::: Extracted records

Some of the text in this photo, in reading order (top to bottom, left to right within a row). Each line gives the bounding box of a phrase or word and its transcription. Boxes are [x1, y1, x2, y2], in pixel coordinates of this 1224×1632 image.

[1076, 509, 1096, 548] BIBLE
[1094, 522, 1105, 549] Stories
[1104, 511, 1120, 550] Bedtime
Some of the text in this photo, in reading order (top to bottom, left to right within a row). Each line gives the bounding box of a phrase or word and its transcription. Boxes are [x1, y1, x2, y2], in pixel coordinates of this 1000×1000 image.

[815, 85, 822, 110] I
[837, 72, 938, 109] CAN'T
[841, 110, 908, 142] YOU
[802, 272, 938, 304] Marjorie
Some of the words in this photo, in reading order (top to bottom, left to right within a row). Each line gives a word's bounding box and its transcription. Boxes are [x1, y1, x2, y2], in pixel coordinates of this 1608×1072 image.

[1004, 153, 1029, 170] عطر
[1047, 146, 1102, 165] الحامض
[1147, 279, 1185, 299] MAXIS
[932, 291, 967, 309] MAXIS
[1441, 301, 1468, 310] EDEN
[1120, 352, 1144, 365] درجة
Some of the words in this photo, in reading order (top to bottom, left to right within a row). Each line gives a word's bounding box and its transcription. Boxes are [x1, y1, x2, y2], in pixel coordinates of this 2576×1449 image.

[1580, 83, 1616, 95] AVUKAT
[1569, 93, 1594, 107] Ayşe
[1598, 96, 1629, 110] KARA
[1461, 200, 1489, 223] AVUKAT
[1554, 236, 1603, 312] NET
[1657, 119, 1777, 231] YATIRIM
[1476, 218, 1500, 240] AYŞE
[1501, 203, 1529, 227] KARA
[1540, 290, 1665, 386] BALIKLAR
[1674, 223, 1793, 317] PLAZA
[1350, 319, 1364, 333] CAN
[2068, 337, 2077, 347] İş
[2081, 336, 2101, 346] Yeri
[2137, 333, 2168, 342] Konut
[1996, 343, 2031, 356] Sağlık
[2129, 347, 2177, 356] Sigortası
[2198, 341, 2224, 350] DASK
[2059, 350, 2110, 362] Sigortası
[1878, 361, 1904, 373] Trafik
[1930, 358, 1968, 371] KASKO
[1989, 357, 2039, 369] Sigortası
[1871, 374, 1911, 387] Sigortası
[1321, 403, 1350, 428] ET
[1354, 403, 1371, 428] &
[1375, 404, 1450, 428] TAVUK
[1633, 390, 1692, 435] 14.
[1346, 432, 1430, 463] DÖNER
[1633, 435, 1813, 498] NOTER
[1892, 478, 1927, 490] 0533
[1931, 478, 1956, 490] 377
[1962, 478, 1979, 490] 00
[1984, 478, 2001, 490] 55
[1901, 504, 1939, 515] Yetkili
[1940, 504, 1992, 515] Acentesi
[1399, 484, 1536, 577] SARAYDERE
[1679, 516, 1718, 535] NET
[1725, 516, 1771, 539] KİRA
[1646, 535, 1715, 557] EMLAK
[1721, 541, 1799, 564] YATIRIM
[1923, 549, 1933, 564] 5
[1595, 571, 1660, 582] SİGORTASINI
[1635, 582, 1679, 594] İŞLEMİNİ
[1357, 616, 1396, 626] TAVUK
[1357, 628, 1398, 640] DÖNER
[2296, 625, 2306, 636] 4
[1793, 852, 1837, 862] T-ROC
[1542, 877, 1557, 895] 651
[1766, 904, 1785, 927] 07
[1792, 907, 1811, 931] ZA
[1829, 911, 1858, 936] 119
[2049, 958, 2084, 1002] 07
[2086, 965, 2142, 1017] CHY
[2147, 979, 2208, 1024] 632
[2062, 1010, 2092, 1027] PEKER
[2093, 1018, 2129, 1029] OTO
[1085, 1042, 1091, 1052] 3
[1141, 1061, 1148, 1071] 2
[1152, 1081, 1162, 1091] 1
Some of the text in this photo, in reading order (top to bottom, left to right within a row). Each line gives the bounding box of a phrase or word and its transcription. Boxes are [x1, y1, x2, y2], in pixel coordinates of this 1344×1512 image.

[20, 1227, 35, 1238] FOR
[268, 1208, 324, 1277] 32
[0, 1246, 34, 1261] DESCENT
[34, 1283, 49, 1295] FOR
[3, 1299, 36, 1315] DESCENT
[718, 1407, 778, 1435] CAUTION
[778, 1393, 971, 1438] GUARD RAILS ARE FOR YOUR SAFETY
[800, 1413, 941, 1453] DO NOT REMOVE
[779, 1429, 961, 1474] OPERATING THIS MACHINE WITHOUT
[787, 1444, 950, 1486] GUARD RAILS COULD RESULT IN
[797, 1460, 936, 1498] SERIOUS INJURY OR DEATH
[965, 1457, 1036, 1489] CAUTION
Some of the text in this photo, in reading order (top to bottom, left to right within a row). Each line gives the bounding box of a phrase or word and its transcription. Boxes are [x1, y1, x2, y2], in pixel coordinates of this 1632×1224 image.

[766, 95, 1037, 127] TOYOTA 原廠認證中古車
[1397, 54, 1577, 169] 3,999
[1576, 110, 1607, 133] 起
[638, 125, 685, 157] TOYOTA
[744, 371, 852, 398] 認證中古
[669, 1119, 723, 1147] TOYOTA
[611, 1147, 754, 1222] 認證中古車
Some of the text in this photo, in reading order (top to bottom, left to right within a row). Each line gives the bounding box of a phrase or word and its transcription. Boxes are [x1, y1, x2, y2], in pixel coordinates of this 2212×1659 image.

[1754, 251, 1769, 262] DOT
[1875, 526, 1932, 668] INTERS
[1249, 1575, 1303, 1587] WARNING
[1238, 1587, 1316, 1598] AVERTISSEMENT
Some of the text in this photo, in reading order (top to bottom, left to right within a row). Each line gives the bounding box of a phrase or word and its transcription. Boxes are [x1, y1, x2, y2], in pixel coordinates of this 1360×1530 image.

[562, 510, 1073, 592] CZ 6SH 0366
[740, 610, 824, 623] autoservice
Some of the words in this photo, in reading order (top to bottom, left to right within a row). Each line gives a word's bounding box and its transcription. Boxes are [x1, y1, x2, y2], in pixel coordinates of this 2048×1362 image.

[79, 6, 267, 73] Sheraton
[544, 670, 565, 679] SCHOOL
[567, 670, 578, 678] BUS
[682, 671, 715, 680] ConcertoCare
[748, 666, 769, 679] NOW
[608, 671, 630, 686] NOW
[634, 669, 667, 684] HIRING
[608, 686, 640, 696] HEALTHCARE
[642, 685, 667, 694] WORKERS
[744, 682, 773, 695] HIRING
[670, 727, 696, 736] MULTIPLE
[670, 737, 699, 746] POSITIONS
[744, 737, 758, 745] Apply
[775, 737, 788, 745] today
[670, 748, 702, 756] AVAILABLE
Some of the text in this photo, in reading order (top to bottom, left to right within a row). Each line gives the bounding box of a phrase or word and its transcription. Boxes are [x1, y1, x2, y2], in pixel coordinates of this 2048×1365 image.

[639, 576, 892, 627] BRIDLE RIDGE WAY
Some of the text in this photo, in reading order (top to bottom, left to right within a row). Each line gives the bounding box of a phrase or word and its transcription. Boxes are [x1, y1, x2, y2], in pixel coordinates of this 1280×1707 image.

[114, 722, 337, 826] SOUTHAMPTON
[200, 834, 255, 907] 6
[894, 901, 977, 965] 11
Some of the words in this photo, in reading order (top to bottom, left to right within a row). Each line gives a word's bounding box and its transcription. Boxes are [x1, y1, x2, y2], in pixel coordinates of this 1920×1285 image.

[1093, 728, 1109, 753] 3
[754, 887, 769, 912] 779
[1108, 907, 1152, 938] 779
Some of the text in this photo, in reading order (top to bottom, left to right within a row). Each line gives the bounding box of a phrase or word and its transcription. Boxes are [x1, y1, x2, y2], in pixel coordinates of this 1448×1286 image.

::::::

Task
Write out every entry again, exactly as it appears.

Answer to this task
Some of the text in this photo, in reading order (top to bottom, left to right within a row). Each line gives the bounding box of a phrase or word and its transcription. Boxes are [x1, y1, x2, y2], in pixel coordinates of this 1224×1632 image.

[1076, 509, 1096, 548] BIBLE
[1094, 522, 1105, 549] Stories
[1104, 511, 1120, 550] Bedtime
Some of the text in this photo, in reading order (top to bottom, left to right within a row). Each line gives the bounding box of a phrase or word and its transcription. Boxes are [x1, y1, x2, y2], in pixel coordinates of this 1000×1000 image.

[815, 85, 822, 110] I
[837, 72, 938, 109] CAN'T
[841, 110, 908, 142] YOU
[802, 272, 938, 304] Marjorie
Some of the words in this photo, in reading order (top to bottom, left to right within a row). Each line gives a word's bounding box and its transcription. Boxes are [x1, y1, x2, y2], in pixel coordinates of this 1608×1072 image.

[1004, 153, 1029, 170] عطر
[1047, 146, 1102, 165] الحامض
[1147, 279, 1185, 299] MAXIS
[932, 291, 967, 309] MAXIS
[1441, 301, 1468, 310] EDEN
[1120, 352, 1144, 365] درجة
Some of the words in this photo, in reading order (top to bottom, left to right within a row). Each line gives a word's bounding box and its transcription. Boxes are [x1, y1, x2, y2], in pixel coordinates of this 2576×1449 image.

[1580, 83, 1616, 95] AVUKAT
[1569, 93, 1594, 107] Ayşe
[1598, 96, 1629, 110] KARA
[1461, 200, 1489, 223] AVUKAT
[1554, 236, 1603, 312] NET
[1657, 119, 1777, 231] YATIRIM
[1476, 218, 1500, 240] AYŞE
[1501, 203, 1529, 227] KARA
[1540, 290, 1665, 386] BALIKLAR
[1674, 223, 1793, 317] PLAZA
[1350, 319, 1364, 333] CAN
[2068, 337, 2077, 347] İş
[2081, 336, 2101, 346] Yeri
[2137, 333, 2168, 342] Konut
[1996, 343, 2031, 356] Sağlık
[2129, 347, 2177, 356] Sigortası
[2198, 341, 2224, 350] DASK
[2059, 350, 2110, 362] Sigortası
[1878, 361, 1904, 373] Trafik
[1930, 358, 1968, 371] KASKO
[1989, 357, 2039, 369] Sigortası
[1871, 374, 1911, 387] Sigortası
[1321, 403, 1350, 428] ET
[1354, 403, 1371, 428] &
[1375, 404, 1450, 428] TAVUK
[1633, 390, 1692, 435] 14.
[1346, 432, 1430, 463] DÖNER
[1633, 435, 1813, 498] NOTER
[1892, 478, 1927, 490] 0533
[1931, 478, 1956, 490] 377
[1962, 478, 1979, 490] 00
[1984, 478, 2001, 490] 55
[1901, 504, 1939, 515] Yetkili
[1940, 504, 1992, 515] Acentesi
[1399, 484, 1536, 577] SARAYDERE
[1679, 516, 1718, 535] NET
[1725, 516, 1771, 539] KİRA
[1646, 535, 1715, 557] EMLAK
[1721, 541, 1799, 564] YATIRIM
[1923, 549, 1933, 564] 5
[1595, 571, 1660, 582] SİGORTASINI
[1635, 582, 1679, 594] İŞLEMİNİ
[1357, 616, 1396, 626] TAVUK
[1357, 628, 1398, 640] DÖNER
[2296, 625, 2306, 636] 4
[1793, 852, 1837, 862] T-ROC
[1542, 877, 1557, 895] 651
[1766, 904, 1785, 927] 07
[1792, 907, 1811, 931] ZA
[1829, 911, 1858, 936] 119
[2049, 958, 2084, 1002] 07
[2086, 965, 2142, 1017] CHY
[2147, 979, 2208, 1024] 632
[2062, 1010, 2092, 1027] PEKER
[2093, 1018, 2129, 1029] OTO
[1085, 1042, 1091, 1052] 3
[1141, 1061, 1148, 1071] 2
[1152, 1081, 1162, 1091] 1
Some of the text in this photo, in reading order (top to bottom, left to right within a row). Each line gives the bounding box of a phrase or word and its transcription. Boxes are [x1, y1, x2, y2], in pixel coordinates of this 1344×1512 image.

[20, 1227, 35, 1238] FOR
[268, 1208, 324, 1277] 32
[0, 1246, 34, 1261] DESCENT
[34, 1283, 49, 1295] FOR
[3, 1299, 36, 1315] DESCENT
[718, 1407, 778, 1435] CAUTION
[778, 1393, 971, 1438] GUARD RAILS ARE FOR YOUR SAFETY
[800, 1413, 941, 1453] DO NOT REMOVE
[779, 1429, 961, 1474] OPERATING THIS MACHINE WITHOUT
[787, 1444, 950, 1486] GUARD RAILS COULD RESULT IN
[797, 1460, 936, 1498] SERIOUS INJURY OR DEATH
[965, 1457, 1036, 1489] CAUTION
Some of the text in this photo, in reading order (top to bottom, left to right within a row). Each line gives the bounding box of a phrase or word and its transcription. Boxes are [x1, y1, x2, y2], in pixel coordinates of this 1632×1224 image.

[766, 95, 1037, 127] TOYOTA 原廠認證中古車
[1397, 54, 1577, 169] 3,999
[1576, 110, 1607, 133] 起
[638, 125, 685, 157] TOYOTA
[744, 371, 852, 398] 認證中古
[669, 1119, 723, 1147] TOYOTA
[611, 1147, 754, 1222] 認證中古車
Some of the text in this photo, in reading order (top to bottom, left to right within a row). Each line gives the bounding box of a phrase or word and its transcription. Boxes are [x1, y1, x2, y2], in pixel coordinates of this 2212×1659 image.

[1754, 251, 1769, 262] DOT
[1875, 526, 1932, 668] INTERS
[1249, 1575, 1303, 1587] WARNING
[1238, 1587, 1316, 1598] AVERTISSEMENT
Some of the text in this photo, in reading order (top to bottom, left to right within a row). Each line gives the bounding box of a phrase or word and its transcription. Boxes are [x1, y1, x2, y2], in pixel coordinates of this 1360×1530 image.

[562, 510, 1073, 592] CZ 6SH 0366
[740, 610, 824, 623] autoservice
Some of the words in this photo, in reading order (top to bottom, left to right within a row). Each line gives a word's bounding box and its transcription. Boxes are [x1, y1, x2, y2], in pixel coordinates of this 2048×1362 image.

[79, 6, 267, 73] Sheraton
[544, 670, 565, 679] SCHOOL
[567, 670, 578, 678] BUS
[682, 671, 715, 680] ConcertoCare
[748, 666, 769, 679] NOW
[608, 671, 630, 686] NOW
[634, 669, 667, 684] HIRING
[608, 686, 640, 696] HEALTHCARE
[642, 685, 667, 694] WORKERS
[744, 682, 773, 695] HIRING
[670, 727, 696, 736] MULTIPLE
[670, 737, 699, 746] POSITIONS
[744, 737, 758, 745] Apply
[775, 737, 788, 745] today
[670, 748, 702, 756] AVAILABLE
Some of the text in this photo, in reading order (top to bottom, left to right within a row). Each line gives the bounding box of a phrase or word and its transcription. Boxes are [x1, y1, x2, y2], in pixel coordinates of this 2048×1365 image.

[639, 576, 892, 627] BRIDLE RIDGE WAY
Some of the text in this photo, in reading order (top to bottom, left to right within a row). Each line gives the bounding box of a phrase or word and its transcription. Boxes are [x1, y1, x2, y2], in pixel coordinates of this 1280×1707 image.

[114, 722, 337, 826] SOUTHAMPTON
[200, 834, 255, 907] 6
[894, 901, 977, 965] 11
Some of the words in this photo, in reading order (top to bottom, left to right within a row). Each line gives a word's bounding box and its transcription. Boxes are [x1, y1, x2, y2], in pixel coordinates of this 1920×1285 image.

[1093, 728, 1109, 753] 3
[754, 887, 769, 912] 779
[1108, 907, 1152, 938] 779
Some of the text in this photo, in reading order (top to bottom, left to right within a row). Each line gives the bounding box of a phrase or word and its transcription. Boxes are [x1, y1, x2, y2], in pixel coordinates of this 1448×1286 image.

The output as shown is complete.